No es nada obvio que quienes duermen poco vayan a sufrir problemas de memoria, sin embargo la falta crónica de sueño se considera un factor de riesgo de demencia y deterioro cognitivo, así como de diversas afecciones psiquiátricas.
Se cree que alrededor del 15% de los casos de Alzheimer están relacionados con una mala higiene del sueño y se ha descubierto que quienes duermen poco tienen aproximadamente un 50% más de probabilidades de sufrir deterioro cognitivo.
Evitar el aislamiento social
"Además de los trastornos del sueño, la soledad es uno de los principales factores que precipitan la salud del cerebro, especialmente a medida que envejecemos. Actualmente existen numerosos estudios epidemiológicos realizados en varios países que estiman que el riesgo de desarrollar demencia en personas solteras es superior al 40% en comparación con personas socialmente integradas", añade Alessandro Padovani.

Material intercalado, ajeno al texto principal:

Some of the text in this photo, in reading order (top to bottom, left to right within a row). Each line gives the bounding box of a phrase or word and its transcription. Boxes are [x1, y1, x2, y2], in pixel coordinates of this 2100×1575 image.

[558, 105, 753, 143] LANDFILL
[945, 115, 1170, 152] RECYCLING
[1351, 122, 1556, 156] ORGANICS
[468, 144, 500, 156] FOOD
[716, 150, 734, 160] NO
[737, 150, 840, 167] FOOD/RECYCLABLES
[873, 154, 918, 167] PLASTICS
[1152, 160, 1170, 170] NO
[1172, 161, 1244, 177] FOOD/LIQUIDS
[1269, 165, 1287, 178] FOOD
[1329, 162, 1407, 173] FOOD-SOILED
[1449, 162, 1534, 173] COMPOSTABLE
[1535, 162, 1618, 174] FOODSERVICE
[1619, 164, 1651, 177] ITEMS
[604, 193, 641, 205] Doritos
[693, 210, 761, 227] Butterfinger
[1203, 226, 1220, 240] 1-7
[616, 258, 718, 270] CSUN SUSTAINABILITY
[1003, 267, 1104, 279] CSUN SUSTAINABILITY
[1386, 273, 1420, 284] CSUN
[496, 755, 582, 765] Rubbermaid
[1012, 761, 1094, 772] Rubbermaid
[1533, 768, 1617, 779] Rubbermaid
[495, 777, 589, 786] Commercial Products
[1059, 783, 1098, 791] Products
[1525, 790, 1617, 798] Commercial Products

El aspecto positivo es que una buena red de apoyo social y el intercambio continuo de emociones e ideas con otras personas pueden proteger contra este tipo de trastornos.

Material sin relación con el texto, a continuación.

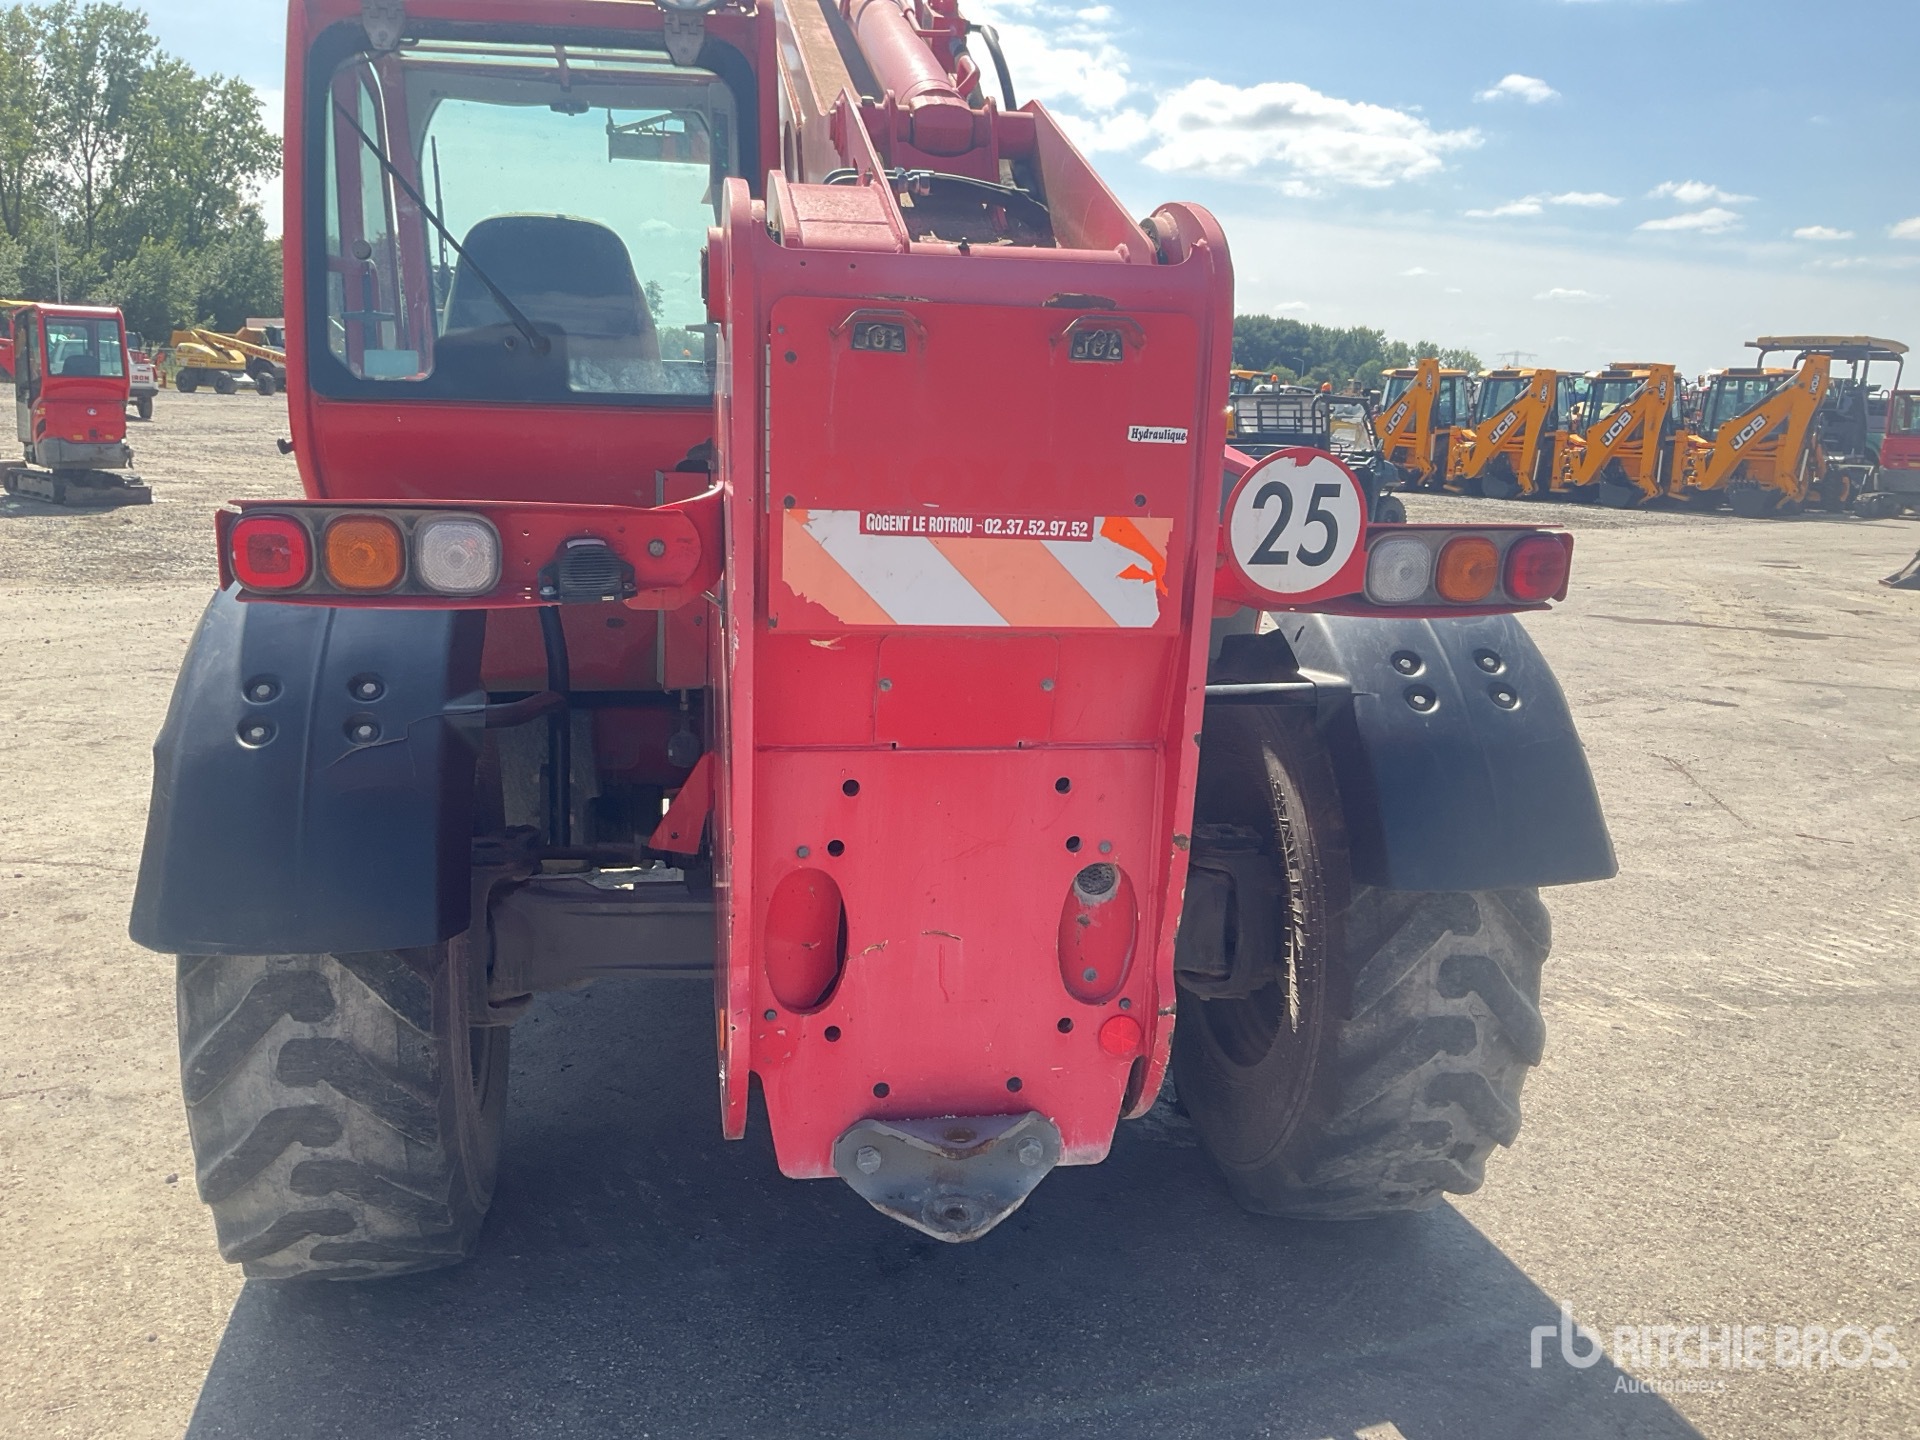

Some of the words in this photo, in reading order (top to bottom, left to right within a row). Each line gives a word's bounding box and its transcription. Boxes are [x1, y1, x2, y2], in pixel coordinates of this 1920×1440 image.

[1386, 403, 1408, 434] JCB
[1490, 411, 1517, 443] JCB
[1601, 410, 1632, 446] JCB
[1731, 415, 1767, 451] JCB
[1131, 428, 1187, 443] Hydraulique
[912, 515, 926, 532] LE
[929, 516, 973, 534] ROTROU
[984, 518, 1088, 537] 02.37.52.97.52
[1247, 481, 1341, 567] 25

Presta atención a tu audición
"Otro factor subestimado al que hay que prestar atención es la sordera, que aumenta el riesgo de deterioro cognitivo", recuerda Padovani. Desde hace varios años la comunidad científica ha destacado un vínculo entre la sordera y el Alzheimer.
Según estudios recientes, las personas mayores con problemas de audición tienen más probabilidades de desarrollar la enfermedad de Alzheimer que aquellas con una audición normal. La pérdida de audición puede aparecer a edades avanzadas y es una condición que puede empujar a las personas a aislarse ante la dificultad para relacionarse con los interlocutores. Cuanto menos se estimula el cerebro, más posibilidades hay de desarrollar enfermedades cognitivas.
Salud intestinal
En los últimos años se ha demostrado claramente que existe una relación entre la flora bacteriana intestinal y los trastornos del estado de ánimo, la ansiedad y la depresión. Los mecanismos no están del todo claros aunque se han logrado muchos avances. Por ejemplo, se ha descubierto que la mayor parte de la hormona serotonina, que tiene la función de estabilizar el estado de ánimo, es producida por el intestino y no por el cerebro.

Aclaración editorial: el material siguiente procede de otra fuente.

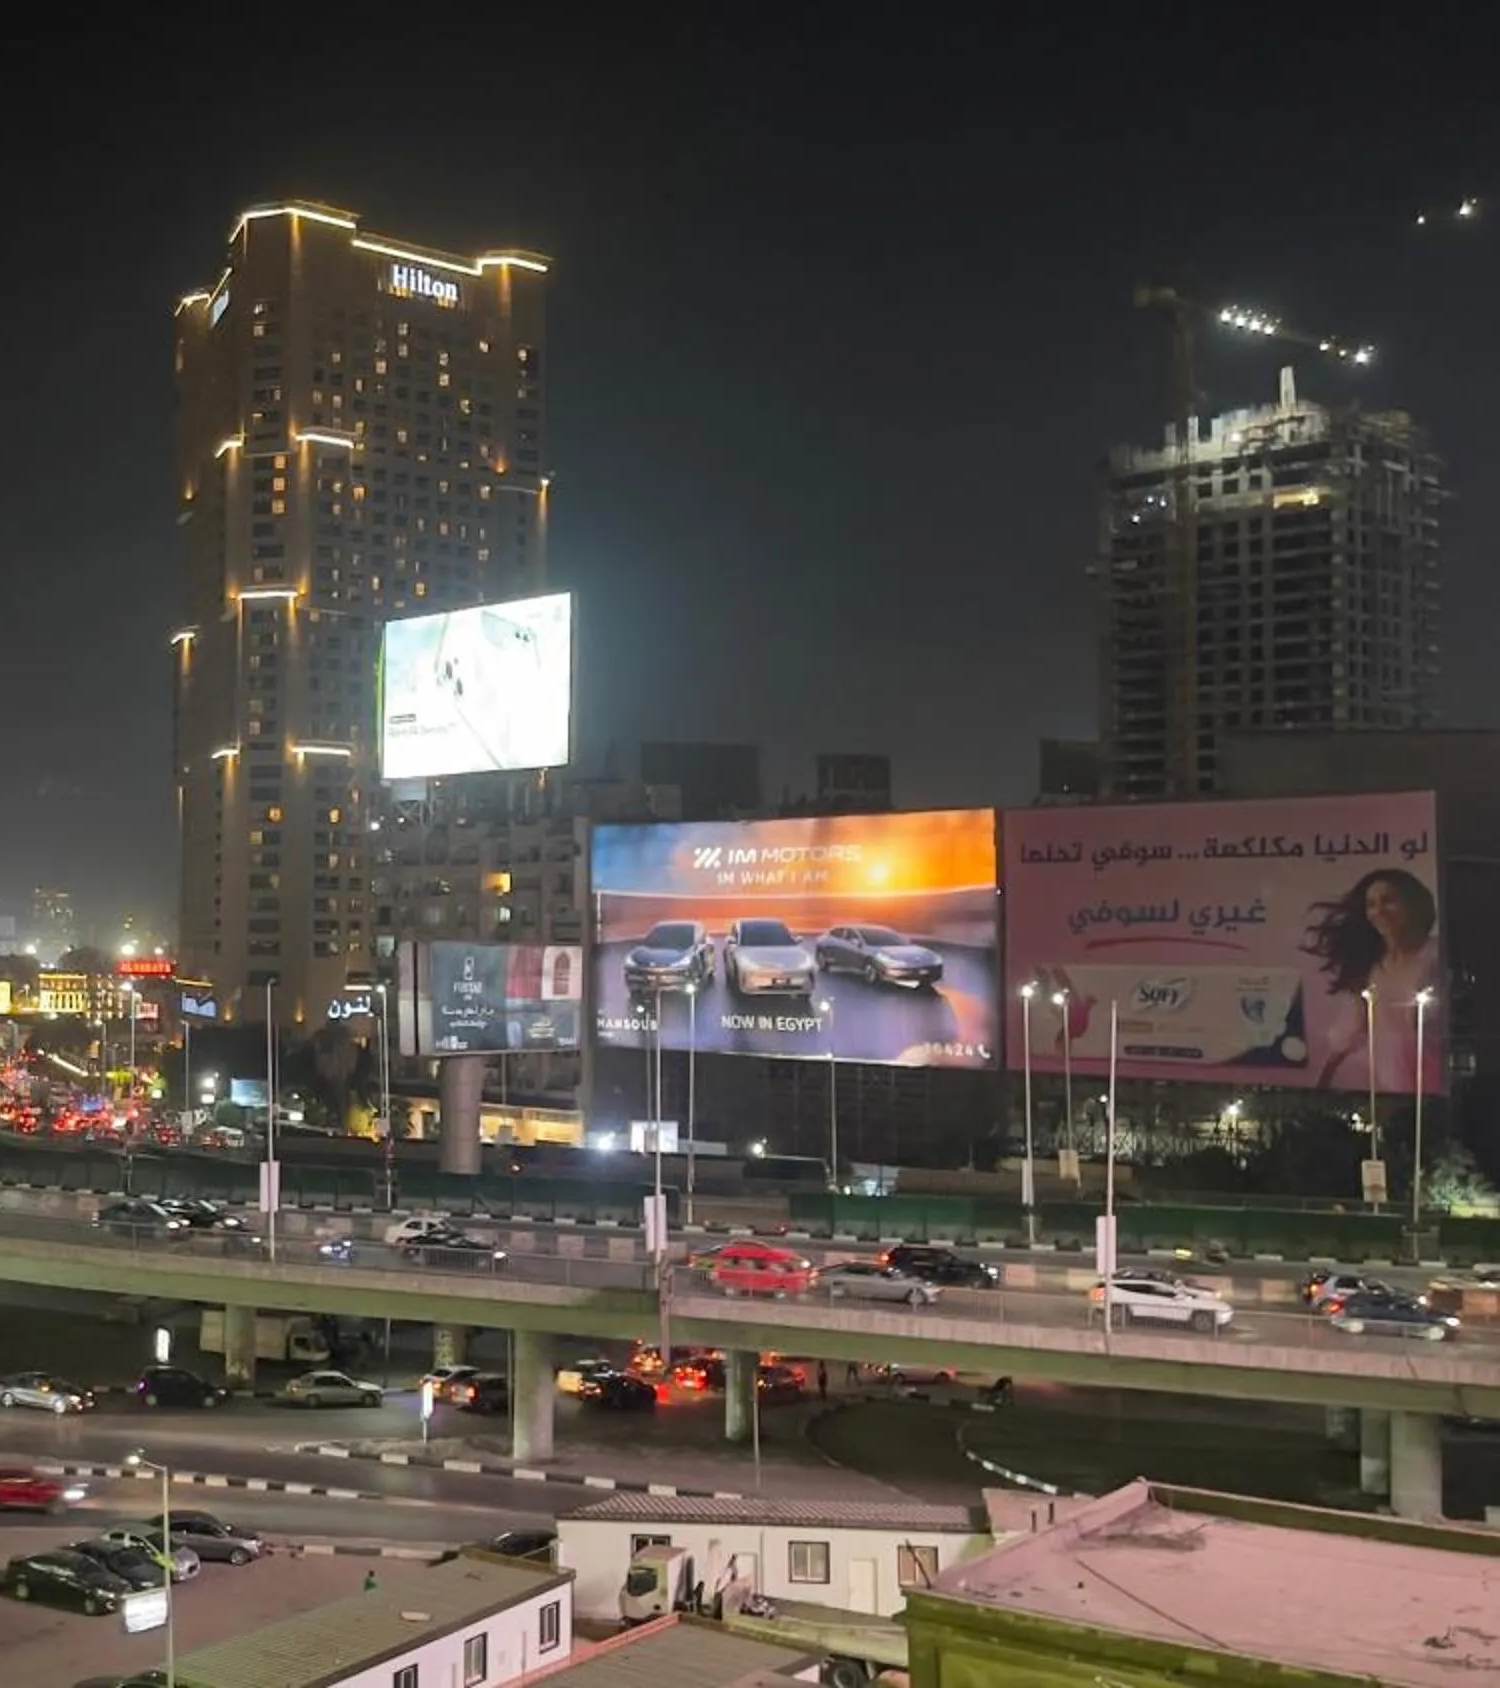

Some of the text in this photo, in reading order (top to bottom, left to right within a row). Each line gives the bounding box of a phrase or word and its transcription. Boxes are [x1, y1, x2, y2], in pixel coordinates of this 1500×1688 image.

Además, muchas investigaciones recientes han relacionado la microbiota intestinal con enfermedades neurodegenerativas como el Parkinson y el Alzheimer: el desequilibrio entre bacterias buenas y malas tendría un papel crucial en la salud del cerebro. Algunas bacterias intestinales pueden desempeñar un papel en diversas formas de demencia. Los lactobacilos, bifidobacterias, probióticos y prebióticos ayudan a reducir la inflamación en el cerebro, fortalecer la inmunidad intestinal y retardar la progresión de la neurodegeneración.
Consejos
"Como hemos visto, existen varios factores de riesgo que influyen en la salud del cerebro, al igual que existen diversas acciones que podemos implementar para proteger la salud del cerebro en todas las edades", concluye Alessandro Padovani, promotor de la Sociedad Italiana de Neurología del Manifiesto Italiano 'One Brain, One Health' presentado ante la Cámara de Diputados con motivo de la Semana del Cerebro.
"Hay que informar a los jóvenes sobre los efectos nocivos de determinadas sustancias como el tabaco y el alcohol; queda mucho por hacer para limitar los efectos de la contaminación atmosférica y de los pesticidas, así como los resultantes de una dieta basada en un exceso de hidratos de carbono, grasas animales y carnes rojas. Además de todo esto, la actividad física diaria, combinada con actividades creativas y sociales, sigue siendo hoy un antídoto para garantizar un cerebro sano. Pero nunca olvidemos controlar los factores de riesgo vascular, así como las vacunas contra la gripe, el herpes zoster y el virus del papiloma".